Unbeknownst to Meir and Dayan, however, the eavesdropping devices were turned off. “A few months before the outbreak of the war,” Bar-Joseph explains, “one of the ‘special means’ accidentally fell into Egypt’s hands.” Worried about exposing the other “means,” officials decided to limit their use and placed the sole authorization to activate them in the hands of military intelligence chief Zeira.
When the Egyptian army began a military exercise on October 1, many in the Israeli military and intelligence agencies began to worry — the Egyptians’ Soviet backers had used the same cover to launch their 1968 invasion of Czechoslovakia. Though these officers repeatedly begged Zeira to activate the “special means,” he refused, until the morning of October 6. But by then it was too late.
Zeira never informed his superiors that he failed to activate “the special means,” and may even have deceived them. Dayan and IDF chief of staff Elazar believed they had been switched on and had merely produced no actionable intelligence. It wasn’t until the Agranat Commission’s investigation that the truth came out, but much of the testimony has only recently been released.

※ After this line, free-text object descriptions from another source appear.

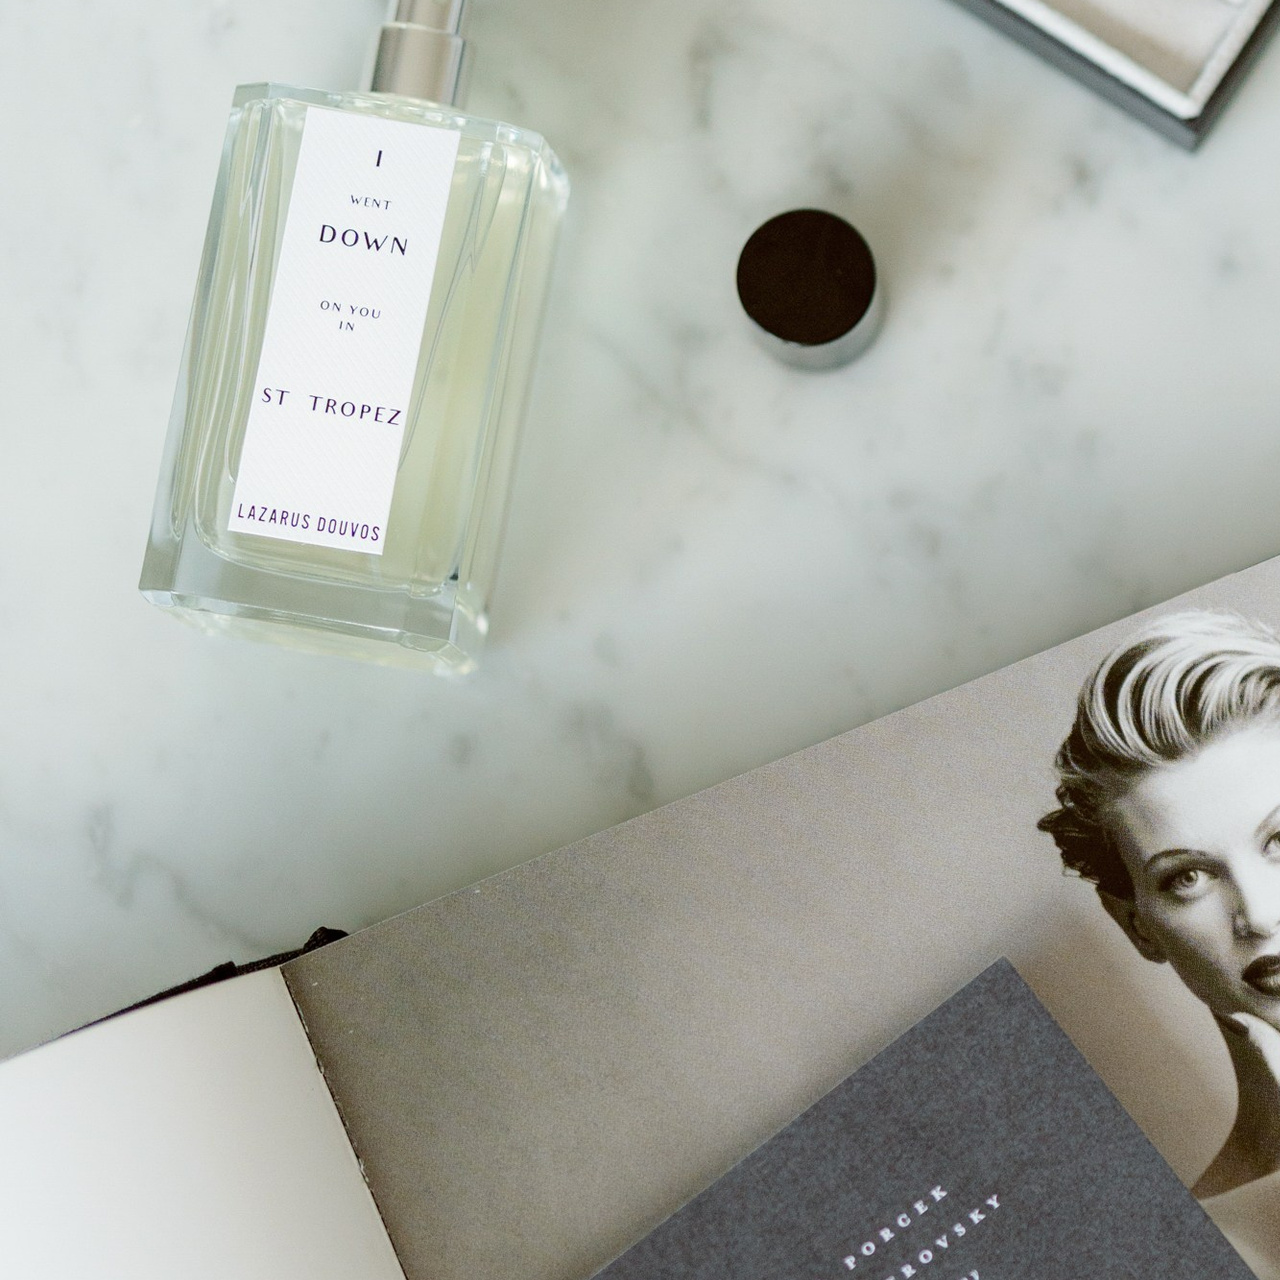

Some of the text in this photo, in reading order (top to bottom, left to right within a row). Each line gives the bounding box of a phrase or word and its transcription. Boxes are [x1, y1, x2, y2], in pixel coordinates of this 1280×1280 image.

[374, 149, 383, 168] I
[350, 194, 392, 211] WENT
[319, 224, 408, 256] DOWN
[320, 300, 382, 320] ON YOU
[339, 320, 355, 332] IN
[261, 387, 402, 426] ST TROPEZ
[237, 503, 381, 543] LAZARUS DOUVOS
[844, 1185, 948, 1270] PORCEK
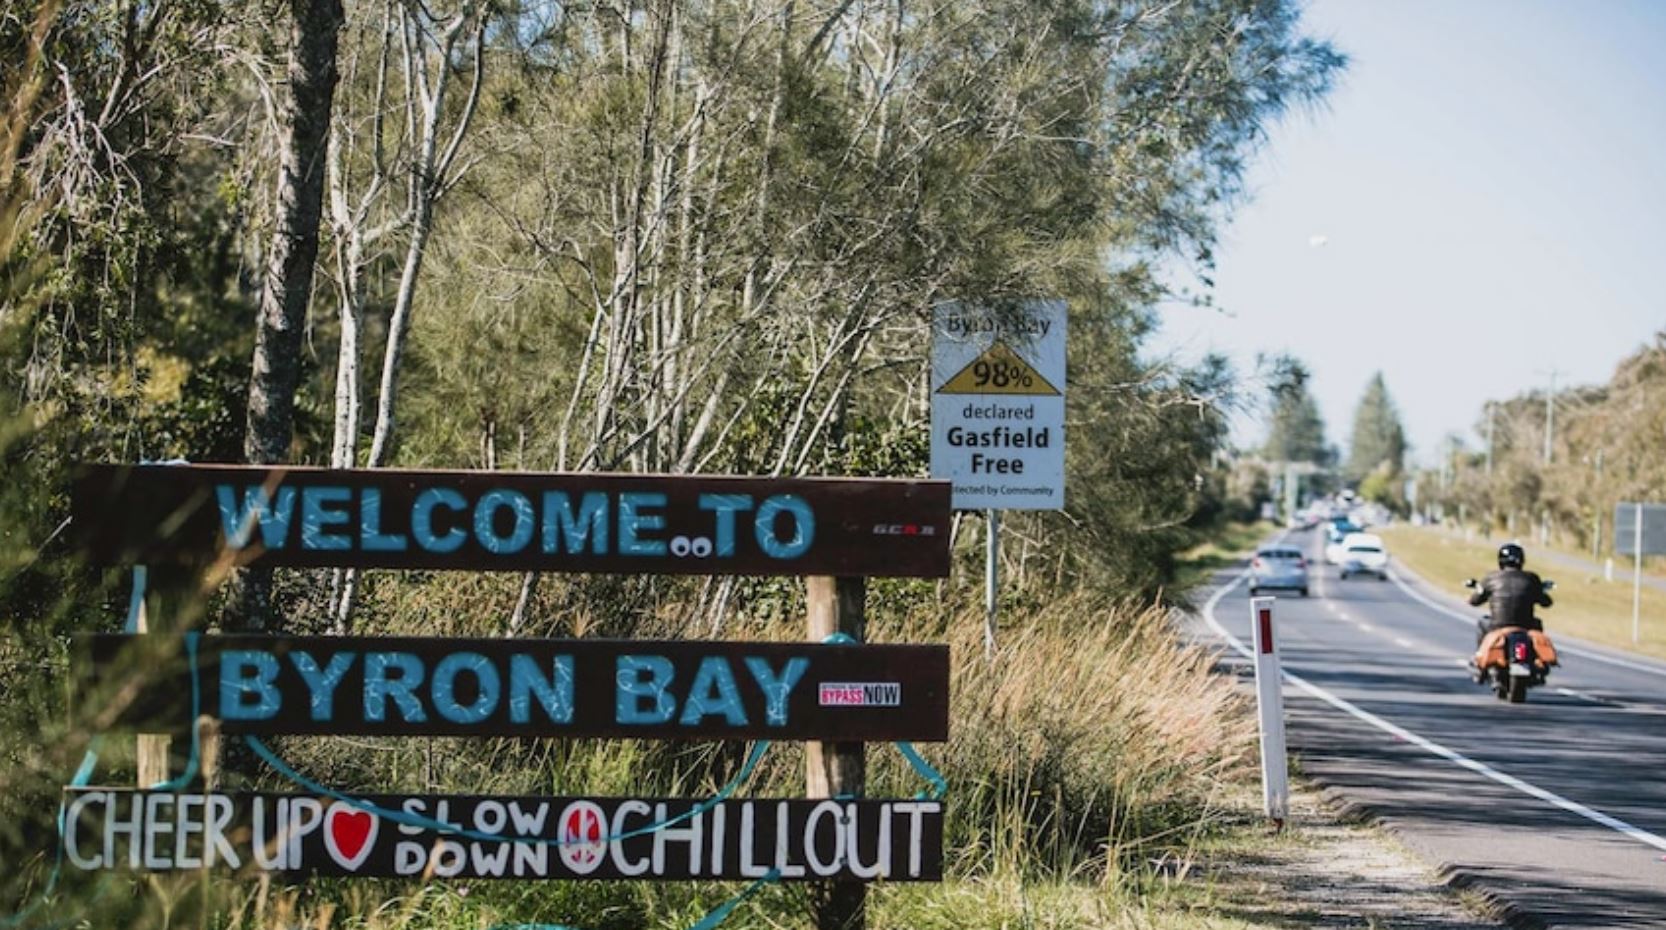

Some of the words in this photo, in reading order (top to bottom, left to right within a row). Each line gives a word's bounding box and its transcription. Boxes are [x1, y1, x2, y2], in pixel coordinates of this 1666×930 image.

[973, 360, 1033, 388] 98%
[963, 404, 1035, 420] declared
[947, 427, 1049, 449] Gasfield
[972, 454, 1024, 475] Free
[987, 484, 998, 497] by
[1001, 484, 1054, 497] Community
[216, 485, 668, 557] WELCOME
[700, 494, 816, 560] TO
[219, 649, 575, 725] BYRON
[616, 654, 811, 727] BAY
[64, 792, 242, 871] CHEER
[252, 796, 324, 871] UP
[398, 798, 549, 836] SLOW
[394, 840, 549, 877] DOWN
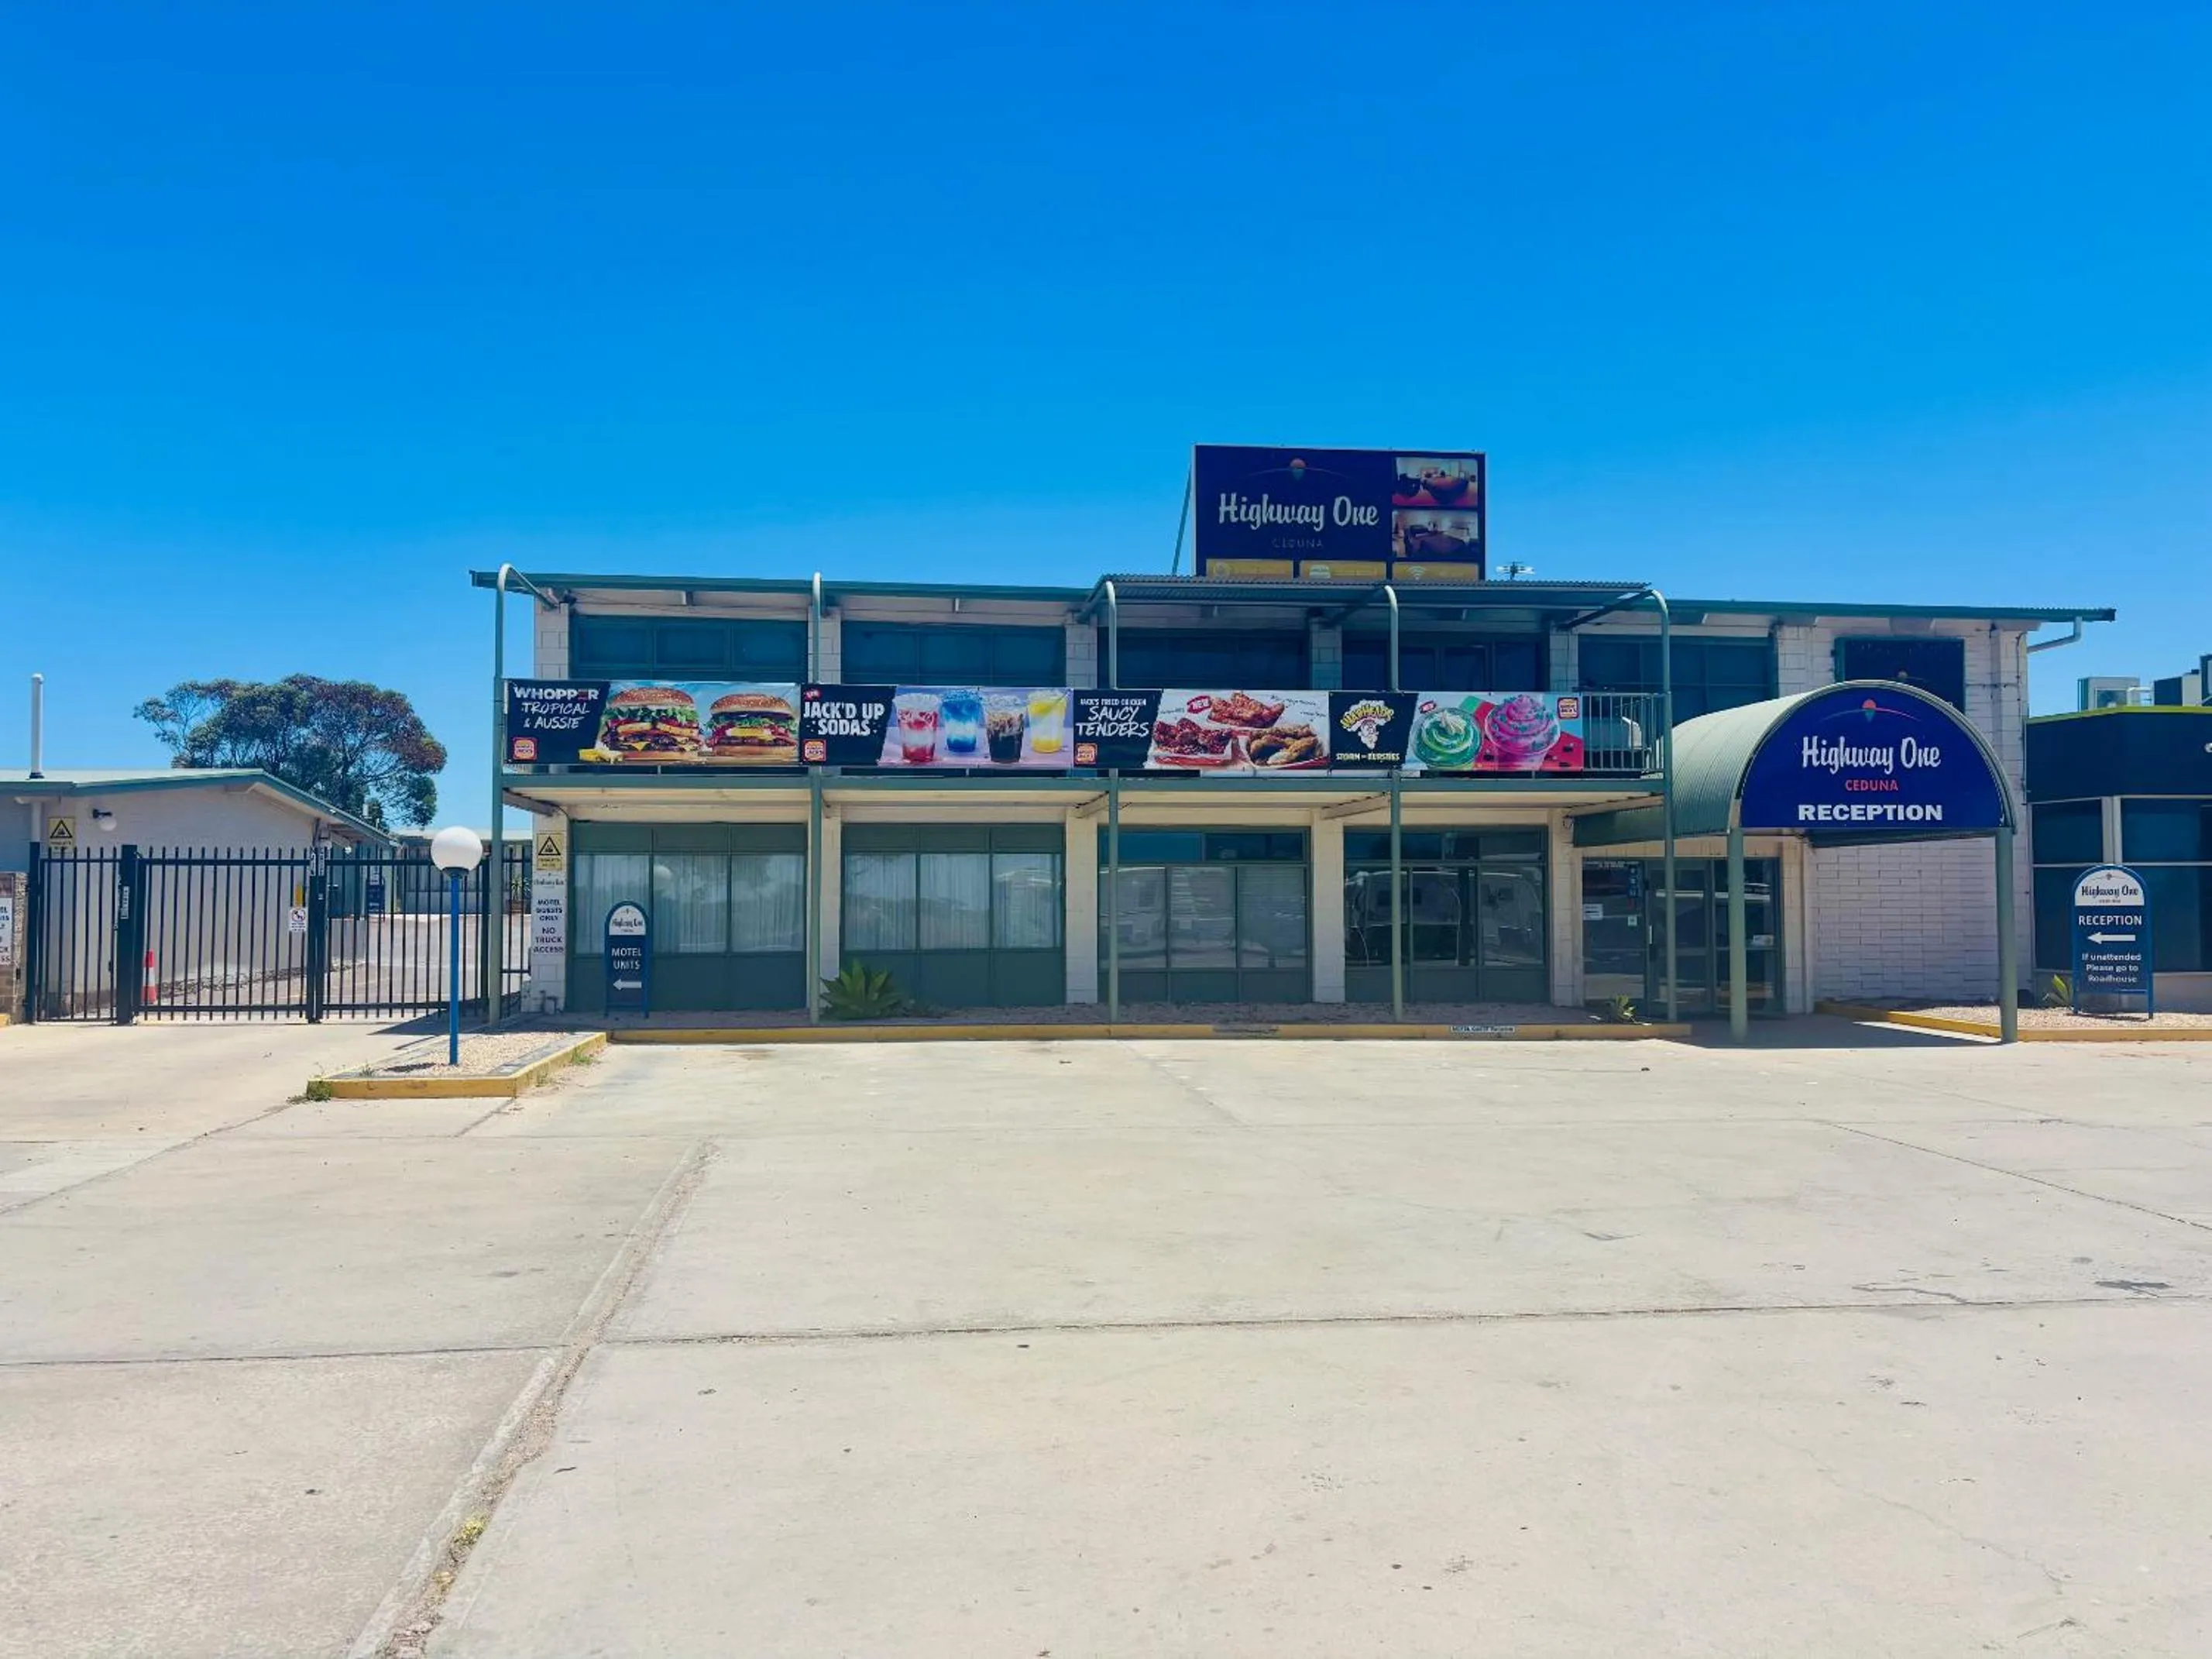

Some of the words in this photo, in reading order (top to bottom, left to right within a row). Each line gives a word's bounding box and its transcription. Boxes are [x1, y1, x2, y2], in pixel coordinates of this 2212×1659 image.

[1218, 493, 1325, 531] Highway
[1333, 496, 1379, 527] One
[521, 701, 590, 714] TROPICAL
[803, 701, 857, 719] JACK'D
[862, 702, 885, 720] UP
[1190, 698, 1211, 711] NEW
[1088, 706, 1139, 722] SAUCY
[523, 717, 531, 728] &
[534, 716, 585, 729] AUSSIE
[818, 718, 871, 736] SODAS
[1075, 722, 1149, 737] TENDERS
[1802, 736, 1894, 775] Highway
[1901, 737, 1942, 768] One
[1845, 780, 1898, 791] CEDUNA
[1798, 804, 1943, 821] RECEPTION
[2081, 885, 2119, 898] Highway
[2121, 884, 2138, 896] One
[2079, 915, 2142, 926] RECEPTION
[611, 948, 642, 957] MOTEL
[613, 960, 641, 970] UNITS

“Why Zeira acted the way he did is a mystery which is not likely to be fully solved,” writes Bar-Joseph. A psychological study suggests that the intelligence head had little tolerance for ambiguity and a very high degree of confidence in Israel’s military superiority, which may have convinced him not to activate the “special means.” But neither the study nor the new material from the Agranat Commission can offer anything but incomplete explanations for Zeira’s remarkable failure to play the ace up Israel’s sleeve — and his failure to prepare a nation for war.
THE SOURCE: “The ‘Special Means of Collection’” by Uri Bar-Joseph. The Middle East Journal, Autumn 2013.